I guess it depends on if your still interested in the course/subject enough to take it again since it isn't a required course for your AA. 

if it was me I wouldn't retake it, but to each their own. Most of my classes are degree requirements so if I failed them I would definately have to retake.


----------



## Perfectionist (Mar 19, 2004)

No, I wouldn't, personally. I wouldn't want to risk failing another time. If it's not required, I'd get the hell away from that class.

However, if this is something that is going to really bug you if you don't try again and stick it out, that's another story. It might be hard to let go.


----------



## rincewind (Sep 7, 2009)

Group exams??? :eek I'd stay well away from any class that had a group exam...that's insane. How can they possibly claim to give everyone a fair chance? It's inevitable that some groups are going to be stronger than others! People who would otherwise struggle might do better, people who would normally do well might suffer...


----------



## SilentLoner (Jan 30, 2006)

I'd have run from it after the first time if it wasnt a requirement.


----------



## Cleary (Nov 10, 2007)

Eh, I always end up thinking "since I took the class before, and already have the textbook, the class should be easier this time" but so far that hasn't been true.
I guess I'm disappointed in failing a class twice and just mostly ranting. 


I probably won't retake it. I hope I can get a good amount when I try to resell my textbook.


----------



## Demerzel (Nov 13, 2003)

Can you take it as Pass/No Pass so it doesn't affect your GPA?


----------



## Cleary (Nov 10, 2007)

--


----------



## Demerzel (Nov 13, 2003)

Cleary said:


> I'm not quite sure what you mean.


Rather than take the class for a grade, u might be able to take it on a pass/no pass basis. Either you pass the class or you don't. You won't get any credit for taking it, but it's an option if you're really interested in the subject. You might want to check w/ a counselor tho - I'm not sure how it'll look if you take it pass/no pass after having previously taken it.


----------



## Neptunus (Oct 29, 2007)

If it's not a requirement, then I wouldn't. :no Never cared for Sociology. Boooooriiiiiing!


----------



## Bewil (Jan 3, 2010)

If it is just because you find it interesting then you can do that on your own. The only way i would take a non-required class a third time is if i felt the need to prove to myself that i could make it through the class.


----------



## Prakas (Aug 26, 2009)

I failed this class twice because of anxiety. I am taking it a 3rd time now, and managed to get some accomodations for the speech. Will see how it goes. Unfortunately its a required class for my degree.


----------



## roverred (Dec 23, 2007)

I think it depends. Is the subject simply way too hard, or is it mainly procrastination and anxiety? Be truthful. I've failed calculus 1 twice hard. It was very difficult at the time, but also because I was procrastinating a lot and high anxiety. I got that better under control and ended up getting a nice 78% my third time. Found the course rather simple this time. It seemed like anxiety was clouding my thought process at that time.

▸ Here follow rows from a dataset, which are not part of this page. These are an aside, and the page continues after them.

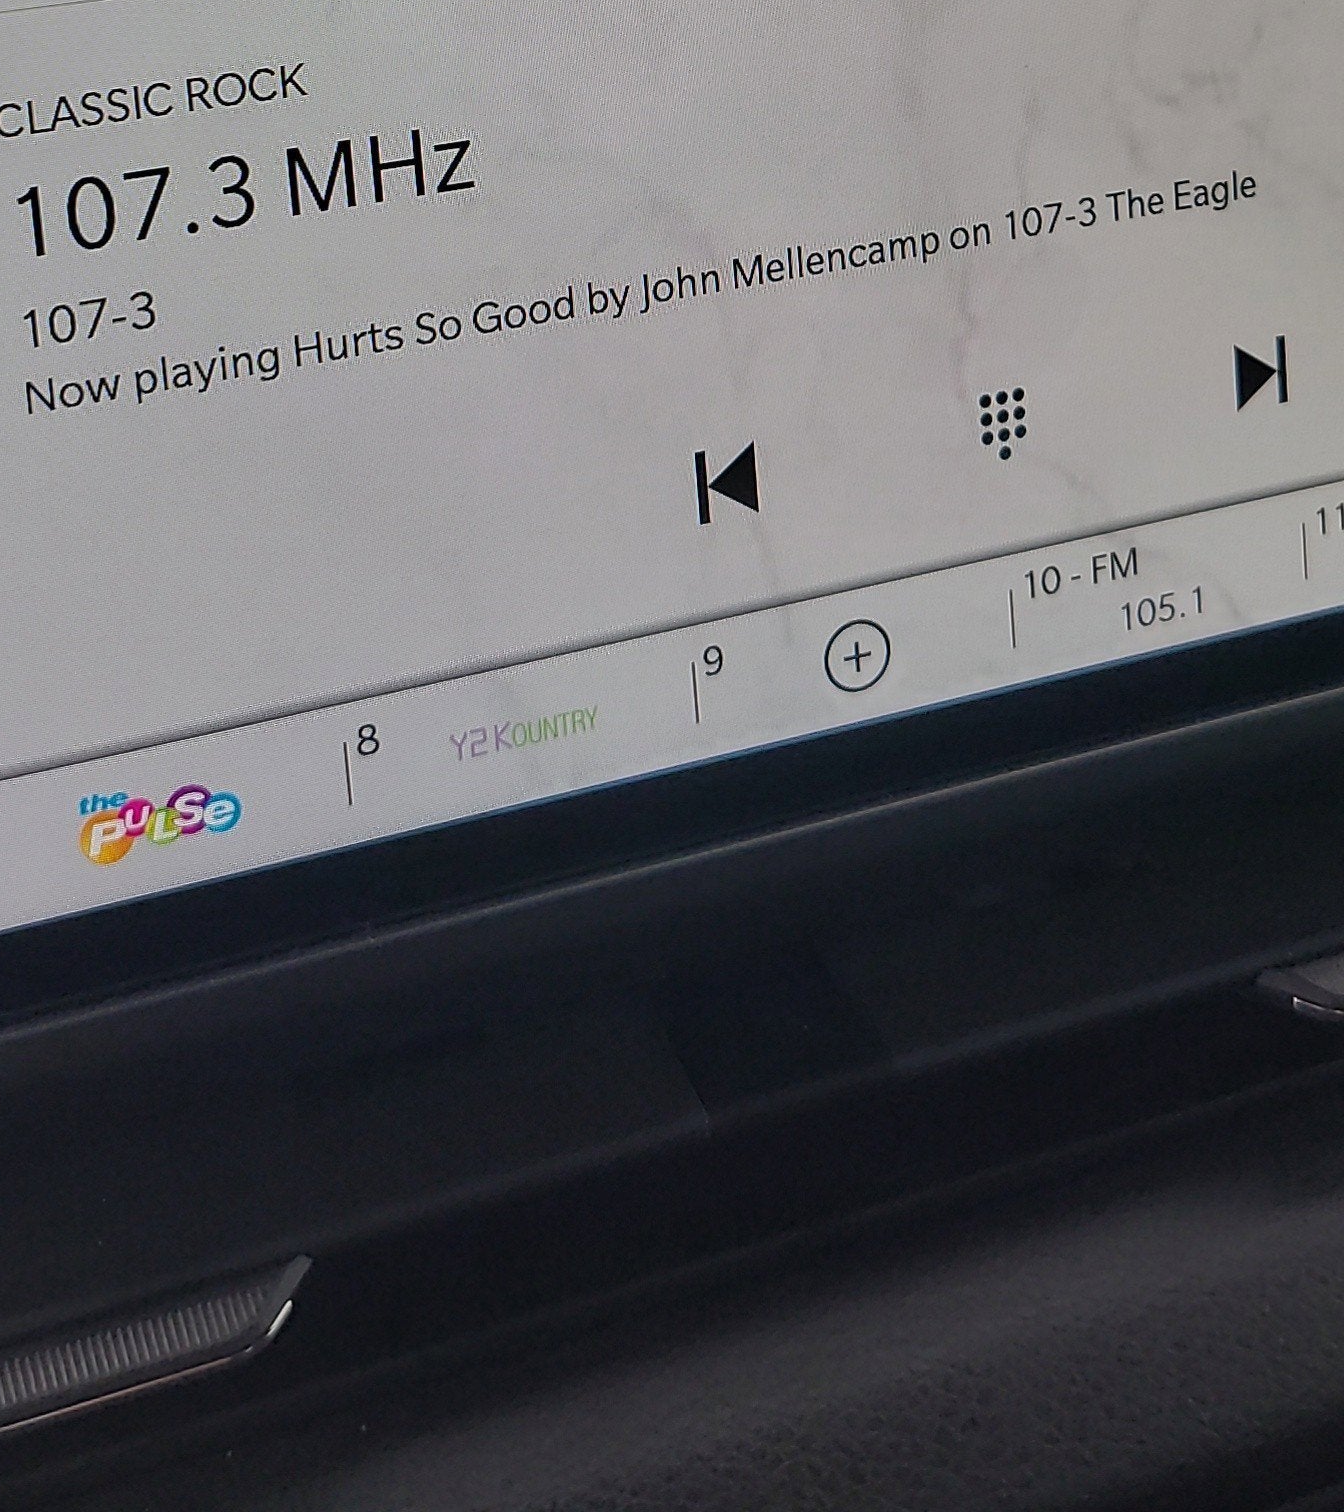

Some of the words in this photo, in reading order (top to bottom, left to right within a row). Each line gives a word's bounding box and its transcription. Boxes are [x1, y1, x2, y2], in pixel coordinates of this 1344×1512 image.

[186, 62, 309, 112] ROCK
[16, 155, 257, 257] 107.3
[286, 129, 476, 217] MHz
[25, 376, 120, 414] Now
[135, 344, 280, 404] playing
[294, 321, 404, 367] Hurts
[415, 311, 461, 346] So
[472, 285, 575, 336] Good
[586, 276, 629, 322] by
[639, 264, 721, 314] John
[731, 229, 940, 290] Mellencamp
[949, 222, 990, 250] on
[1004, 197, 1097, 240] 107-3
[1105, 188, 1164, 222] The
[1172, 170, 1258, 212] Eagle
[22, 291, 157, 348] 107-3
[1024, 566, 1061, 598] 10
[1092, 547, 1138, 584] FM
[1121, 586, 1203, 630] 105.1
[702, 644, 725, 678] 9
[356, 723, 381, 757] 8
[78, 790, 129, 817] the

I wouldn't take it again though until anxiety and procrastination is manageable.


----------



## dreamj (Nov 7, 2009)

Check your school policy. If you repeat it again, it might wipe out the F on your transcript and wont even show. I'm a stickler for A's and honors and had to do a repeat once or twice, but that's me. 

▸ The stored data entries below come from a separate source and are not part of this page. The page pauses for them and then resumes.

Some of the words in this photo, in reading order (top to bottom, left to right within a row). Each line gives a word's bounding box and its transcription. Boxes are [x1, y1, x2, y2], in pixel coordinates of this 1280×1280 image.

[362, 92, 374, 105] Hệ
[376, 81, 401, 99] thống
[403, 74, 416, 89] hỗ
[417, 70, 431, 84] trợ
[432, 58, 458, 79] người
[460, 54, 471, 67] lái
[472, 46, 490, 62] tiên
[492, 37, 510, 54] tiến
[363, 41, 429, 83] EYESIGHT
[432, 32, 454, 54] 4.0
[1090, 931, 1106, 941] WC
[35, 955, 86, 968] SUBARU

Or you can just complete the course during winter break by yourself...when you repeat the course, your classmates will look at you like a smarty pants


----------



## SAgirl (Nov 15, 2003)

Sociology is a really tough course. I agree with the others who said if you don't need to take it then don't. I had to drop Women's Studies the first year of uni and felt pretty disappointed, but I knew that I couldn't do well in it. Now that I look back, I am really glad that I made that decision. 

We all have strengths and weaknesses when it comes to taking courses.


----------



## millenniumman75 (Feb 4, 2005)

Neptunus said:


> If it's not a requirement, then I wouldn't. :no Never cared for Sociology. Boooooriiiiiing!

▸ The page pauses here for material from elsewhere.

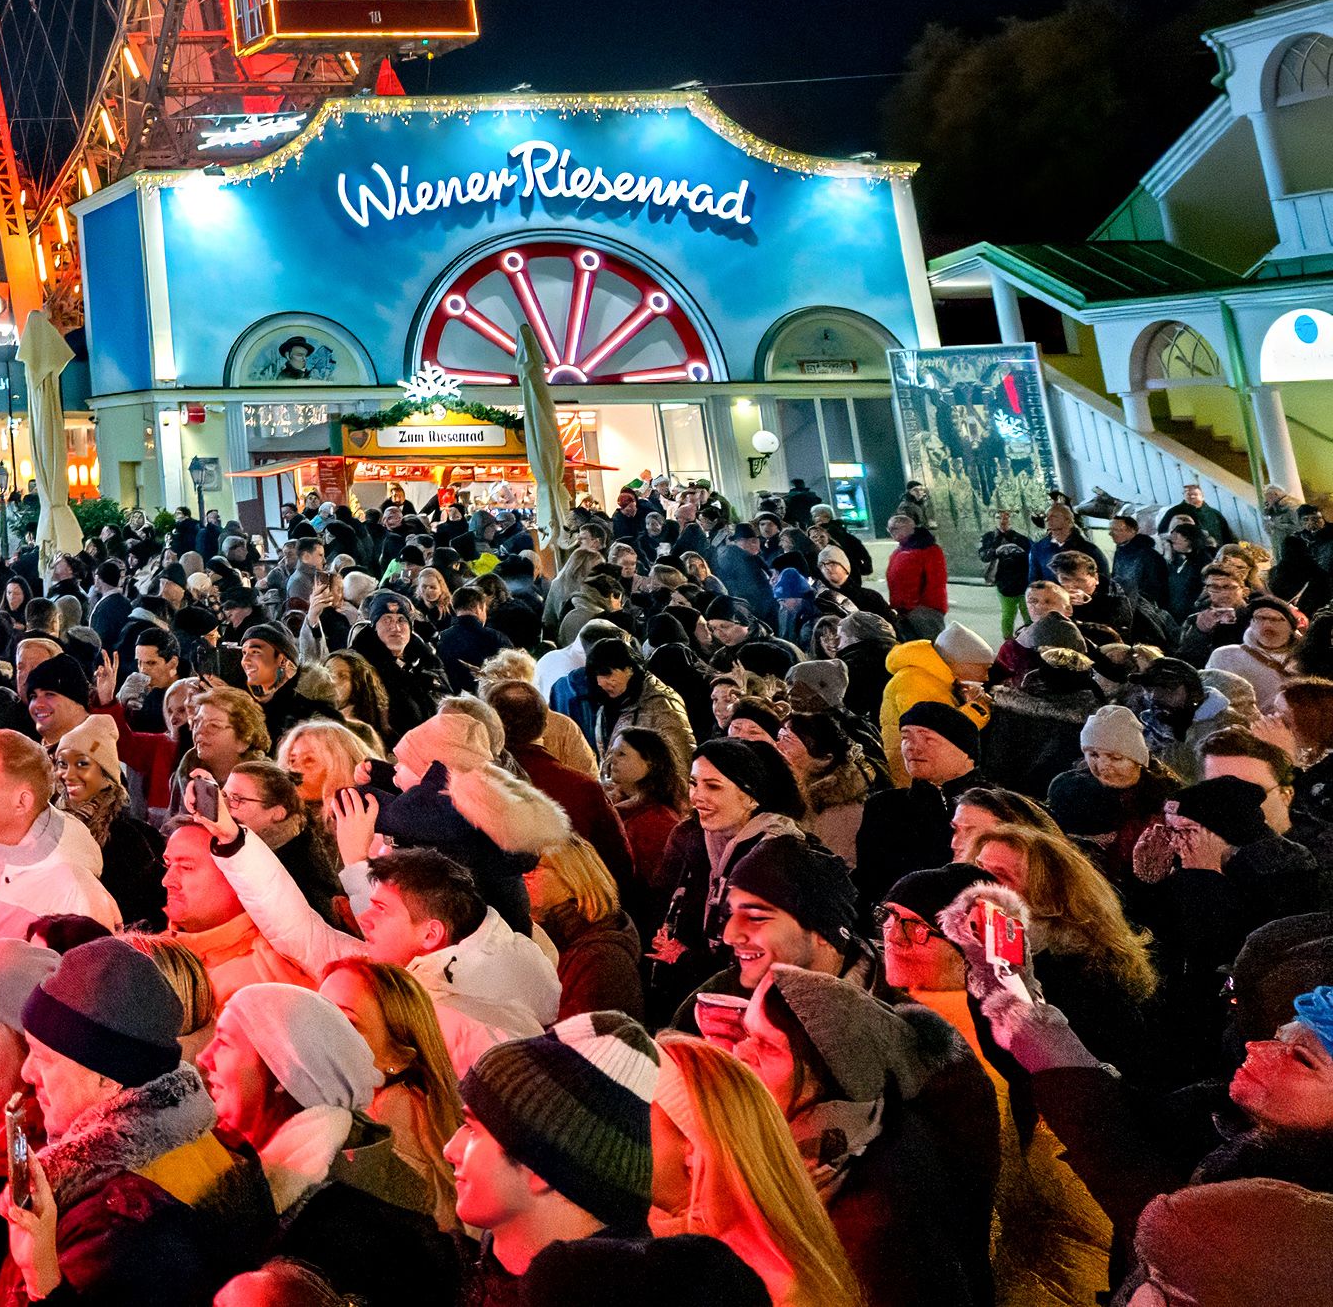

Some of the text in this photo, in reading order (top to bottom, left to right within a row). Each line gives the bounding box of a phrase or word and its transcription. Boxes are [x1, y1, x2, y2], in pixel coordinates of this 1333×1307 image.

That class, for me, was a requirement and I had the shock of my collegiate career when I found out at the end of the quarter that I got a D. I had the worst flu of my life during spring break and went back at the beginning of the following quarter and had to go to the professor. There was NO way I got a D in that course given my grades. I actually got a B. I still don't know how they made that mistake, but to be off by two grade letters.....:no. This was 1997, people!


----------



## Rixy (Oct 4, 2009)

millenniumman75 said:


> That class, for me, was a requirement and I had the shock of my collegiate career when I found out at the end of the quarter that I got a D. I had the worst flu of my life during spring break and went back at the beginning of the following quarter and had to go to the professor. There was NO way I got a D in that course given my grades. I actually got a B. I still don't know how they made that mistake, but to be off by two grade letters.....:no. This was 1997, people!


I know a girl that got a D in her sociology exam, she sent it off to be remarked and she actually got an A. I don't understand how they get stuff like this messed up.

Anyway, I took a history paper two times and failed it. I resat it a third time and got 96%, which was the highest score in the class. It's possible if you keep trying.


----------



## Neptunus (Oct 29, 2007)

millenniumman75 said:


> That class, for me, was a requirement and I had the shock of my collegiate career when I found out at the end of the quarter that I got a D. I had the worst flu of my life during spring break and went back at the beginning of the following quarter and had to go to the professor. There was NO way I got a D in that course given my grades. I actually got a B. I still don't know how they made that mistake, but to be off by two grade letters.....:no. This was 1997, people!


Yeah, as I recall, I didn't do too well in it myself. That course was, well... :time


----------



## Peter Attis (Aug 31, 2009)

Only if I absolutely had to and it were offered all year, including the summer.

If I had to retake a class twice that was only offered once a year, :no


----------